Top of DATA EXTRACT

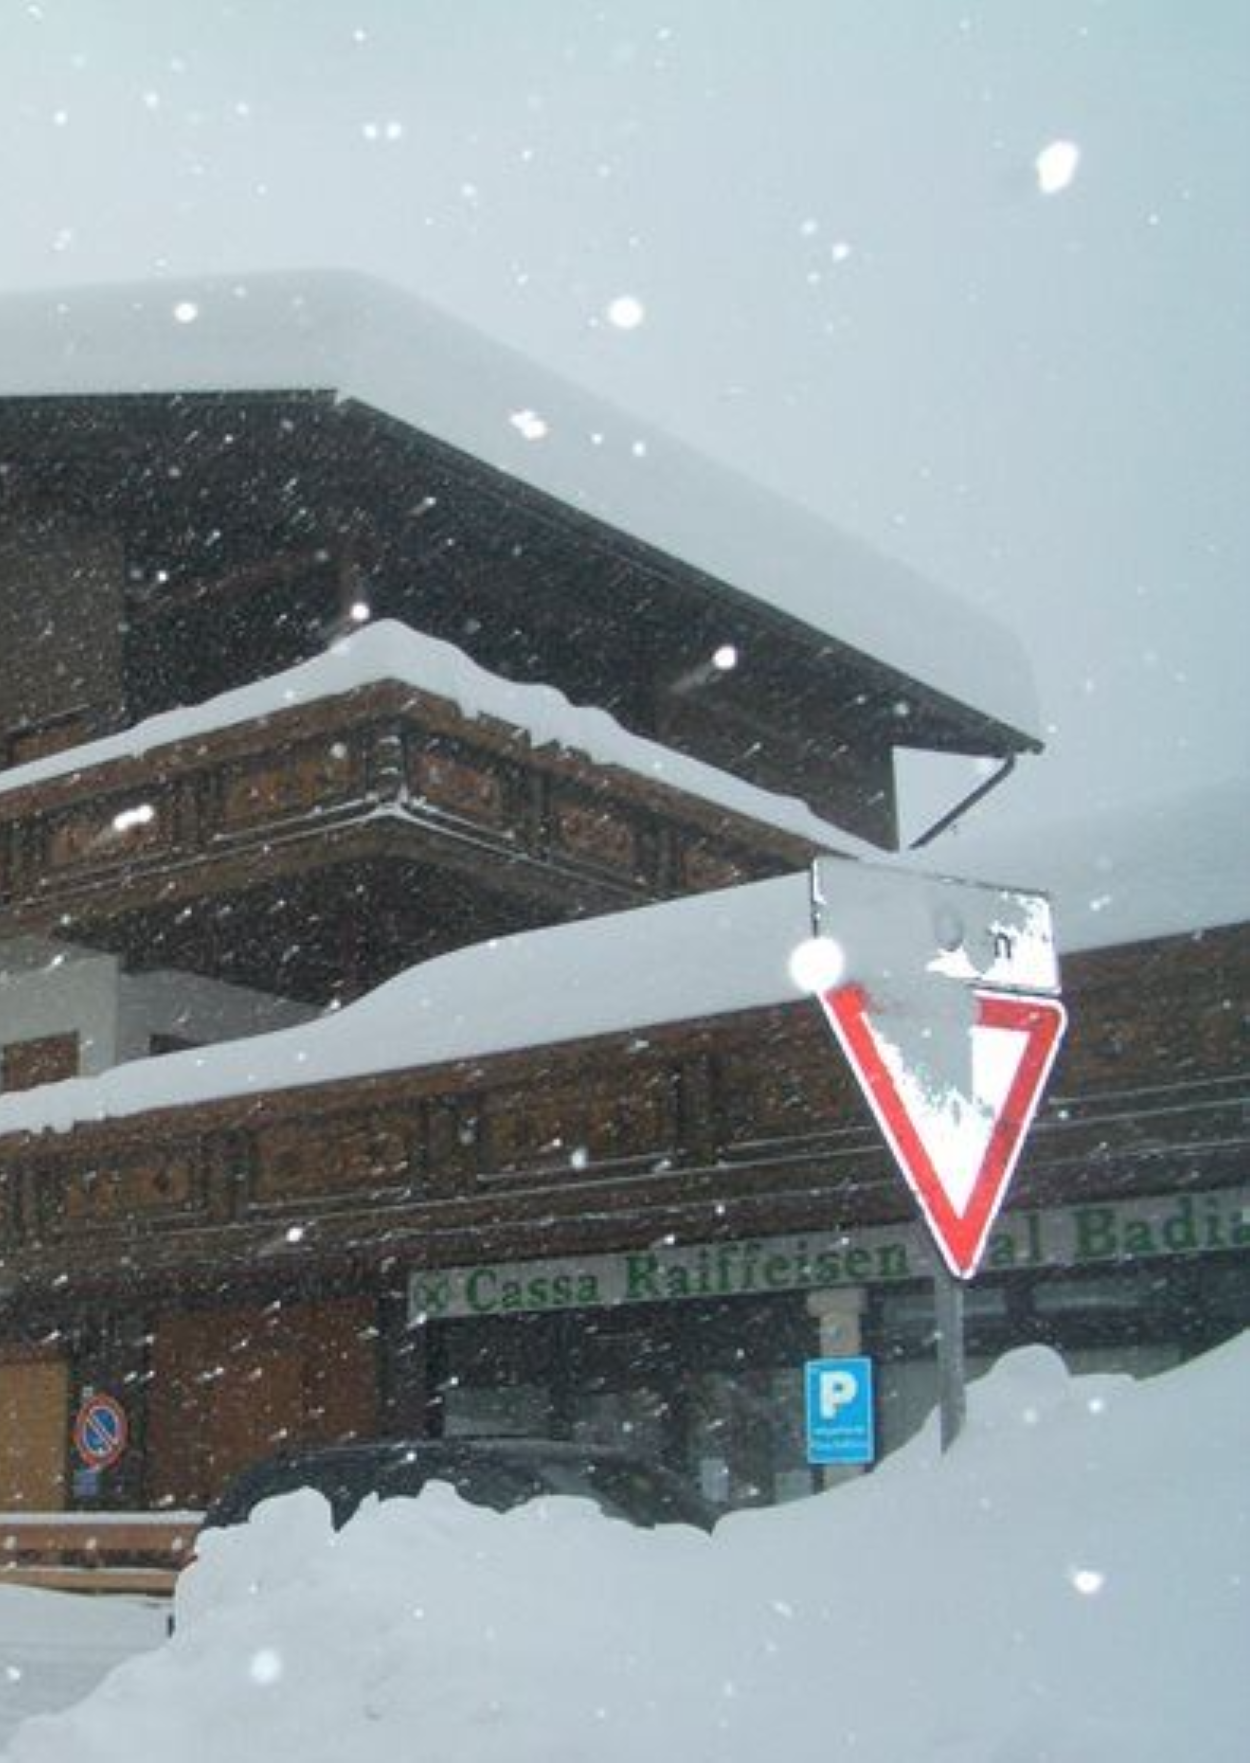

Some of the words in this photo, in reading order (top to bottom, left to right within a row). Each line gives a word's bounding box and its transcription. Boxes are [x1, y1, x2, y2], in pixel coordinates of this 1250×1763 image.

[465, 1268, 600, 1312] Cassa
[625, 1240, 910, 1298] Raiffeisen
[988, 1212, 1042, 1266] al
[819, 1371, 858, 1420] P

Bottom of DATA EXTRACT

### TASK GOAL
Leave out the pictures; repeat the data exactly.

### OUTPUT FOR THIS TASK
Some of the words in this photo, in reading order (top to bottom, left to right within a row). Each line gives a word's bounding box and its transcription. Boxes are [x1, y1, x2, y2], in pixel coordinates of this 1250×1763 image.

[465, 1268, 600, 1312] Cassa
[625, 1240, 910, 1298] Raiffeisen
[988, 1212, 1042, 1266] al
[819, 1371, 858, 1420] P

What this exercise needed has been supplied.